▶ **Material provided**:
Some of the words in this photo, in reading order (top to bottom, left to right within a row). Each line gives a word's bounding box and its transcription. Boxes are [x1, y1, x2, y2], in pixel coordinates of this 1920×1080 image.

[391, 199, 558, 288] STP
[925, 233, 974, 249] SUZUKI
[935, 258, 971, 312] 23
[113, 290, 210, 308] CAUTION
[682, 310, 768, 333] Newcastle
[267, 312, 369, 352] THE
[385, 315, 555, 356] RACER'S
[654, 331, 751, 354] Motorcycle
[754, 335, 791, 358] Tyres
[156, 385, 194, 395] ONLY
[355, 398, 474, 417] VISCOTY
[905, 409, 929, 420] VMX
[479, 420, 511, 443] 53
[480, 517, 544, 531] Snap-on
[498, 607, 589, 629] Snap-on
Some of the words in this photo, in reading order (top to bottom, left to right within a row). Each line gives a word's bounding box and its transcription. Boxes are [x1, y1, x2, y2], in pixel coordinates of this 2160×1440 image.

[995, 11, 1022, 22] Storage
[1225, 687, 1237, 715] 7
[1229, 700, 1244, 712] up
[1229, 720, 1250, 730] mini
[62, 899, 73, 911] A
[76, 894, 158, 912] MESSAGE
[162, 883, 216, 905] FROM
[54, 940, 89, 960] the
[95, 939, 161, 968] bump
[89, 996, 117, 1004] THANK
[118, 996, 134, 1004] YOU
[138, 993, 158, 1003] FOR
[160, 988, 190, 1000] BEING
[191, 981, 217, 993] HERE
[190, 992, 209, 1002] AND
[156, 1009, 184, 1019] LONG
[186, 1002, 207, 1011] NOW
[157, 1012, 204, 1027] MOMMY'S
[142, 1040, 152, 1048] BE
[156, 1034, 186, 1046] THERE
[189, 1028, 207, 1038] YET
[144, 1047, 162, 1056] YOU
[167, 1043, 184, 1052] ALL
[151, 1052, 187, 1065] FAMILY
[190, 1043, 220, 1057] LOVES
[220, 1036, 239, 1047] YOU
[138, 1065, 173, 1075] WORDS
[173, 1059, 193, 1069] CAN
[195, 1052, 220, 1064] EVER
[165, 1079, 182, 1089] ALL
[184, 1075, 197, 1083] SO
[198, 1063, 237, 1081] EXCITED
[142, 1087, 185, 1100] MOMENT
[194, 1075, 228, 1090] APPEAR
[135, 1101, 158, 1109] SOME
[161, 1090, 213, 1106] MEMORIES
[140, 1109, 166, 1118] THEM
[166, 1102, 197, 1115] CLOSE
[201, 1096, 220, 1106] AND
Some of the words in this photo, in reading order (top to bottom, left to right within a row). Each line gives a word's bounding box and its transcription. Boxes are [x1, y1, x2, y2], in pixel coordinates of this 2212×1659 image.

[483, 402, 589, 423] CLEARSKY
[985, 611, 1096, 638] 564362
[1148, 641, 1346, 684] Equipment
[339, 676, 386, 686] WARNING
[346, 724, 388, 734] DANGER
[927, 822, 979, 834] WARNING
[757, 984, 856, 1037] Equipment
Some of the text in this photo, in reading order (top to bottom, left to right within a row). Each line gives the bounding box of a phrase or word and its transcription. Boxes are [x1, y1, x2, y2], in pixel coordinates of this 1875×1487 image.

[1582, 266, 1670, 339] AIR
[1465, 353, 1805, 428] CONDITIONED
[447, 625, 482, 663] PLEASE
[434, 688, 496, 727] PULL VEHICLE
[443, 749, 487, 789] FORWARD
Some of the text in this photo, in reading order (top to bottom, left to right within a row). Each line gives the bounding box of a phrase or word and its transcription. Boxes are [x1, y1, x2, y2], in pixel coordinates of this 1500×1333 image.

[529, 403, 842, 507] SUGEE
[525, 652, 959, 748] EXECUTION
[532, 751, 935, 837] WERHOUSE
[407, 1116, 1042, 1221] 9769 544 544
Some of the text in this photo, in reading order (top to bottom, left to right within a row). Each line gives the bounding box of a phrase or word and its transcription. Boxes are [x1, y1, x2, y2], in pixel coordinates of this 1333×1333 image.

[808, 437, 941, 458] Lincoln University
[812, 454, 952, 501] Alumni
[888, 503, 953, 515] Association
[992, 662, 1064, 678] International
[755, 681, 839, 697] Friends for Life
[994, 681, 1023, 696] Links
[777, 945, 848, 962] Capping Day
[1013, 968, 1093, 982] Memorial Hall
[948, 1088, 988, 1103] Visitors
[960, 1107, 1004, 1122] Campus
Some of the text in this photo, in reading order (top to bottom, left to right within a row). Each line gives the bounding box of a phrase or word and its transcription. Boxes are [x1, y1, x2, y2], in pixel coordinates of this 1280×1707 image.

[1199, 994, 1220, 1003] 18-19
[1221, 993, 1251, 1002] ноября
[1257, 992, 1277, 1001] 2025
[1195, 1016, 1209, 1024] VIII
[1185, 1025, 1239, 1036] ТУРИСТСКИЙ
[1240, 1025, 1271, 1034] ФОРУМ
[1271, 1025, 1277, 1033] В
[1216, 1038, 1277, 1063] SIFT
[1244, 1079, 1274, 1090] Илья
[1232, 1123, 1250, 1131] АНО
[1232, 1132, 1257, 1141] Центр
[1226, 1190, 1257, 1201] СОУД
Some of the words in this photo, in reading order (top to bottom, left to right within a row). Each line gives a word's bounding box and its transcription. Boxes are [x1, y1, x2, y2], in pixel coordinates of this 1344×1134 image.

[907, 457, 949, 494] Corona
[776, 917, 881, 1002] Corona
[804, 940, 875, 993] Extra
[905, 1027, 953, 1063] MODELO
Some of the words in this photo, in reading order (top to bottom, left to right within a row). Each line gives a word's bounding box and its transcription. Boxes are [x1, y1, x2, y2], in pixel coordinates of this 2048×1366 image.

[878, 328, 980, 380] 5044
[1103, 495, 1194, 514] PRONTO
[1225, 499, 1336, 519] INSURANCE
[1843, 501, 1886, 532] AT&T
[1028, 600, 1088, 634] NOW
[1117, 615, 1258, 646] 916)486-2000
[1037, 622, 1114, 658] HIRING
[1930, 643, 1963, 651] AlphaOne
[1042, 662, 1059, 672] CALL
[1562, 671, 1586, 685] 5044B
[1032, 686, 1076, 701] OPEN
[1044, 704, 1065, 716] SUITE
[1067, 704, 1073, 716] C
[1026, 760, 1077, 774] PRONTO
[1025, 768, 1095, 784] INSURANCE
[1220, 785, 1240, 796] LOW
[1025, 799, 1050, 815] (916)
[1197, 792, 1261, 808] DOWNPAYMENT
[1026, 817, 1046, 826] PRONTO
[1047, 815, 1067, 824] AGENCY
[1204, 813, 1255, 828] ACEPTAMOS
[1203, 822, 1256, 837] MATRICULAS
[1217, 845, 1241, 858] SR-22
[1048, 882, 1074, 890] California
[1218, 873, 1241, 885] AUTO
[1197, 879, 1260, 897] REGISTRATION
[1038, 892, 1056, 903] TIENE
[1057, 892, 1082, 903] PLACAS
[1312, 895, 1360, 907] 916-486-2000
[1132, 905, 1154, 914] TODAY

▶ **What you should do**: Exact copies of every record above are required.

▶ **Final answer**:
Some of the words in this photo, in reading order (top to bottom, left to right within a row). Each line gives a word's bounding box and its transcription. Boxes are [x1, y1, x2, y2], in pixel coordinates of this 1920×1080 image.

[391, 199, 558, 288] STP
[925, 233, 974, 249] SUZUKI
[935, 258, 971, 312] 23
[113, 290, 210, 308] CAUTION
[682, 310, 768, 333] Newcastle
[267, 312, 369, 352] THE
[385, 315, 555, 356] RACER'S
[654, 331, 751, 354] Motorcycle
[754, 335, 791, 358] Tyres
[156, 385, 194, 395] ONLY
[355, 398, 474, 417] VISCOTY
[905, 409, 929, 420] VMX
[479, 420, 511, 443] 53
[480, 517, 544, 531] Snap-on
[498, 607, 589, 629] Snap-on
Some of the words in this photo, in reading order (top to bottom, left to right within a row). Each line gives a word's bounding box and its transcription. Boxes are [x1, y1, x2, y2], in pixel coordinates of this 2160×1440 image.

[995, 11, 1022, 22] Storage
[1225, 687, 1237, 715] 7
[1229, 700, 1244, 712] up
[1229, 720, 1250, 730] mini
[62, 899, 73, 911] A
[76, 894, 158, 912] MESSAGE
[162, 883, 216, 905] FROM
[54, 940, 89, 960] the
[95, 939, 161, 968] bump
[89, 996, 117, 1004] THANK
[118, 996, 134, 1004] YOU
[138, 993, 158, 1003] FOR
[160, 988, 190, 1000] BEING
[191, 981, 217, 993] HERE
[190, 992, 209, 1002] AND
[156, 1009, 184, 1019] LONG
[186, 1002, 207, 1011] NOW
[157, 1012, 204, 1027] MOMMY'S
[142, 1040, 152, 1048] BE
[156, 1034, 186, 1046] THERE
[189, 1028, 207, 1038] YET
[144, 1047, 162, 1056] YOU
[167, 1043, 184, 1052] ALL
[151, 1052, 187, 1065] FAMILY
[190, 1043, 220, 1057] LOVES
[220, 1036, 239, 1047] YOU
[138, 1065, 173, 1075] WORDS
[173, 1059, 193, 1069] CAN
[195, 1052, 220, 1064] EVER
[165, 1079, 182, 1089] ALL
[184, 1075, 197, 1083] SO
[198, 1063, 237, 1081] EXCITED
[142, 1087, 185, 1100] MOMENT
[194, 1075, 228, 1090] APPEAR
[135, 1101, 158, 1109] SOME
[161, 1090, 213, 1106] MEMORIES
[140, 1109, 166, 1118] THEM
[166, 1102, 197, 1115] CLOSE
[201, 1096, 220, 1106] AND
Some of the words in this photo, in reading order (top to bottom, left to right within a row). Each line gives a word's bounding box and its transcription. Boxes are [x1, y1, x2, y2], in pixel coordinates of this 2212×1659 image.

[483, 402, 589, 423] CLEARSKY
[985, 611, 1096, 638] 564362
[1148, 641, 1346, 684] Equipment
[339, 676, 386, 686] WARNING
[346, 724, 388, 734] DANGER
[927, 822, 979, 834] WARNING
[757, 984, 856, 1037] Equipment
Some of the text in this photo, in reading order (top to bottom, left to right within a row). Each line gives the bounding box of a phrase or word and its transcription. Boxes are [x1, y1, x2, y2], in pixel coordinates of this 1875×1487 image.

[1582, 266, 1670, 339] AIR
[1465, 353, 1805, 428] CONDITIONED
[447, 625, 482, 663] PLEASE
[434, 688, 496, 727] PULL VEHICLE
[443, 749, 487, 789] FORWARD
Some of the text in this photo, in reading order (top to bottom, left to right within a row). Each line gives the bounding box of a phrase or word and its transcription. Boxes are [x1, y1, x2, y2], in pixel coordinates of this 1500×1333 image.

[529, 403, 842, 507] SUGEE
[525, 652, 959, 748] EXECUTION
[532, 751, 935, 837] WERHOUSE
[407, 1116, 1042, 1221] 9769 544 544
Some of the text in this photo, in reading order (top to bottom, left to right within a row). Each line gives the bounding box of a phrase or word and its transcription. Boxes are [x1, y1, x2, y2], in pixel coordinates of this 1333×1333 image.

[808, 437, 941, 458] Lincoln University
[812, 454, 952, 501] Alumni
[888, 503, 953, 515] Association
[992, 662, 1064, 678] International
[755, 681, 839, 697] Friends for Life
[994, 681, 1023, 696] Links
[777, 945, 848, 962] Capping Day
[1013, 968, 1093, 982] Memorial Hall
[948, 1088, 988, 1103] Visitors
[960, 1107, 1004, 1122] Campus
Some of the text in this photo, in reading order (top to bottom, left to right within a row). Each line gives the bounding box of a phrase or word and its transcription. Boxes are [x1, y1, x2, y2], in pixel coordinates of this 1280×1707 image.

[1199, 994, 1220, 1003] 18-19
[1221, 993, 1251, 1002] ноября
[1257, 992, 1277, 1001] 2025
[1195, 1016, 1209, 1024] VIII
[1185, 1025, 1239, 1036] ТУРИСТСКИЙ
[1240, 1025, 1271, 1034] ФОРУМ
[1271, 1025, 1277, 1033] В
[1216, 1038, 1277, 1063] SIFT
[1244, 1079, 1274, 1090] Илья
[1232, 1123, 1250, 1131] АНО
[1232, 1132, 1257, 1141] Центр
[1226, 1190, 1257, 1201] СОУД
Some of the words in this photo, in reading order (top to bottom, left to right within a row). Each line gives a word's bounding box and its transcription. Boxes are [x1, y1, x2, y2], in pixel coordinates of this 1344×1134 image.

[907, 457, 949, 494] Corona
[776, 917, 881, 1002] Corona
[804, 940, 875, 993] Extra
[905, 1027, 953, 1063] MODELO
Some of the words in this photo, in reading order (top to bottom, left to right within a row). Each line gives a word's bounding box and its transcription. Boxes are [x1, y1, x2, y2], in pixel coordinates of this 2048×1366 image.

[878, 328, 980, 380] 5044
[1103, 495, 1194, 514] PRONTO
[1225, 499, 1336, 519] INSURANCE
[1843, 501, 1886, 532] AT&T
[1028, 600, 1088, 634] NOW
[1117, 615, 1258, 646] 916)486-2000
[1037, 622, 1114, 658] HIRING
[1930, 643, 1963, 651] AlphaOne
[1042, 662, 1059, 672] CALL
[1562, 671, 1586, 685] 5044B
[1032, 686, 1076, 701] OPEN
[1044, 704, 1065, 716] SUITE
[1067, 704, 1073, 716] C
[1026, 760, 1077, 774] PRONTO
[1025, 768, 1095, 784] INSURANCE
[1220, 785, 1240, 796] LOW
[1025, 799, 1050, 815] (916)
[1197, 792, 1261, 808] DOWNPAYMENT
[1026, 817, 1046, 826] PRONTO
[1047, 815, 1067, 824] AGENCY
[1204, 813, 1255, 828] ACEPTAMOS
[1203, 822, 1256, 837] MATRICULAS
[1217, 845, 1241, 858] SR-22
[1048, 882, 1074, 890] California
[1218, 873, 1241, 885] AUTO
[1197, 879, 1260, 897] REGISTRATION
[1038, 892, 1056, 903] TIENE
[1057, 892, 1082, 903] PLACAS
[1312, 895, 1360, 907] 916-486-2000
[1132, 905, 1154, 914] TODAY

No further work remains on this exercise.